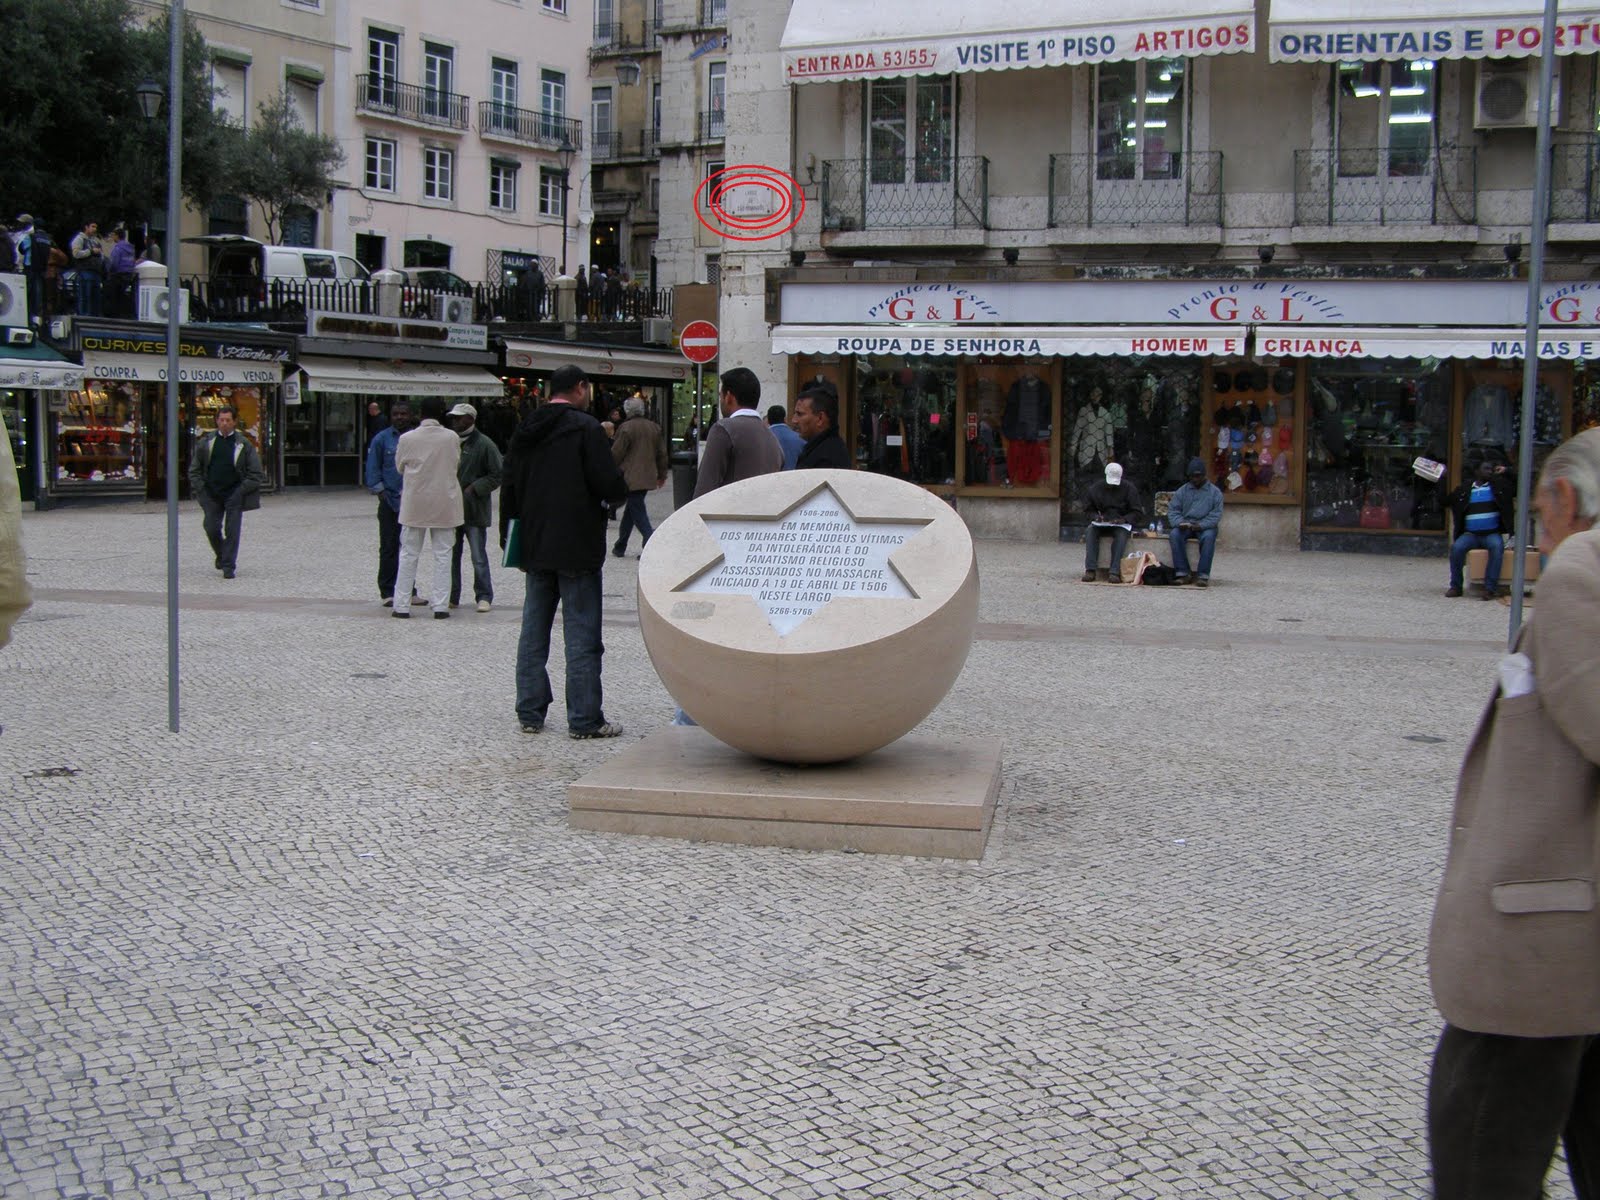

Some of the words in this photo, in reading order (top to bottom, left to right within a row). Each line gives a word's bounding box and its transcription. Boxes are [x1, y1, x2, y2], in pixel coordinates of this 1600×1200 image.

[797, 52, 876, 73] ENTRADA
[883, 48, 928, 67] 53/55
[956, 41, 1029, 65] VISITE
[1063, 35, 1116, 57] PISO
[1134, 24, 1250, 53] ARTIGOS
[1279, 30, 1452, 55] ORIENTAIS
[1464, 30, 1483, 51] E
[888, 297, 916, 321] G
[926, 305, 942, 320] &
[953, 297, 976, 321] L
[1210, 297, 1239, 321] G
[1252, 305, 1268, 321] &
[1280, 297, 1303, 321] L
[1549, 297, 1582, 323] G
[85, 338, 207, 356] OURIVESRIA
[837, 338, 902, 351] ROUPA
[910, 338, 935, 352] DE
[944, 338, 1041, 352] SENHORA
[1131, 338, 1208, 352] HOMEM
[1224, 338, 1236, 352] E
[1264, 339, 1363, 358] CRIANÇA
[1491, 341, 1571, 355] MAAS
[1580, 342, 1592, 355] E
[94, 366, 139, 379] COMPRA
[191, 370, 225, 382] USADO
[243, 371, 275, 382] VENDA
[781, 521, 797, 531] EM
[799, 521, 850, 532] MEMÓRIA
[720, 531, 741, 541] DOS
[744, 531, 797, 542] MILHARES
[799, 533, 814, 542] DE
[815, 533, 857, 543] JUDEUS
[860, 533, 904, 545] VÍTIMAS
[748, 543, 762, 553] DA
[766, 543, 841, 554] INTOLERÂNCIA
[844, 545, 851, 555] E
[854, 545, 869, 555] DO
[745, 554, 806, 565] FANATISMO
[809, 556, 865, 567] RELIGIOSO
[720, 565, 802, 577] ASSASSINADOS
[805, 567, 821, 577] NO
[824, 568, 884, 579] MASSACRE
[710, 577, 759, 588] INICIADO
[762, 578, 769, 588] A
[774, 579, 787, 589] 19
[790, 579, 804, 589] DE
[806, 580, 839, 590] ABRIL
[842, 580, 857, 590] DE
[860, 581, 888, 592] 1506
[759, 590, 792, 601] NESTE
[795, 592, 832, 603] LARGO
[769, 606, 813, 616] 5266-5766

:::::

Repeat everything in the records above exactly, except the pictures.

Some of the words in this photo, in reading order (top to bottom, left to right within a row). Each line gives a word's bounding box and its transcription. Boxes are [x1, y1, x2, y2], in pixel coordinates of this 1600×1200 image.

[797, 52, 876, 73] ENTRADA
[883, 48, 928, 67] 53/55
[956, 41, 1029, 65] VISITE
[1063, 35, 1116, 57] PISO
[1134, 24, 1250, 53] ARTIGOS
[1279, 30, 1452, 55] ORIENTAIS
[1464, 30, 1483, 51] E
[888, 297, 916, 321] G
[926, 305, 942, 320] &
[953, 297, 976, 321] L
[1210, 297, 1239, 321] G
[1252, 305, 1268, 321] &
[1280, 297, 1303, 321] L
[1549, 297, 1582, 323] G
[85, 338, 207, 356] OURIVESRIA
[837, 338, 902, 351] ROUPA
[910, 338, 935, 352] DE
[944, 338, 1041, 352] SENHORA
[1131, 338, 1208, 352] HOMEM
[1224, 338, 1236, 352] E
[1264, 339, 1363, 358] CRIANÇA
[1491, 341, 1571, 355] MAAS
[1580, 342, 1592, 355] E
[94, 366, 139, 379] COMPRA
[191, 370, 225, 382] USADO
[243, 371, 275, 382] VENDA
[781, 521, 797, 531] EM
[799, 521, 850, 532] MEMÓRIA
[720, 531, 741, 541] DOS
[744, 531, 797, 542] MILHARES
[799, 533, 814, 542] DE
[815, 533, 857, 543] JUDEUS
[860, 533, 904, 545] VÍTIMAS
[748, 543, 762, 553] DA
[766, 543, 841, 554] INTOLERÂNCIA
[844, 545, 851, 555] E
[854, 545, 869, 555] DO
[745, 554, 806, 565] FANATISMO
[809, 556, 865, 567] RELIGIOSO
[720, 565, 802, 577] ASSASSINADOS
[805, 567, 821, 577] NO
[824, 568, 884, 579] MASSACRE
[710, 577, 759, 588] INICIADO
[762, 578, 769, 588] A
[774, 579, 787, 589] 19
[790, 579, 804, 589] DE
[806, 580, 839, 590] ABRIL
[842, 580, 857, 590] DE
[860, 581, 888, 592] 1506
[759, 590, 792, 601] NESTE
[795, 592, 832, 603] LARGO
[769, 606, 813, 616] 5266-5766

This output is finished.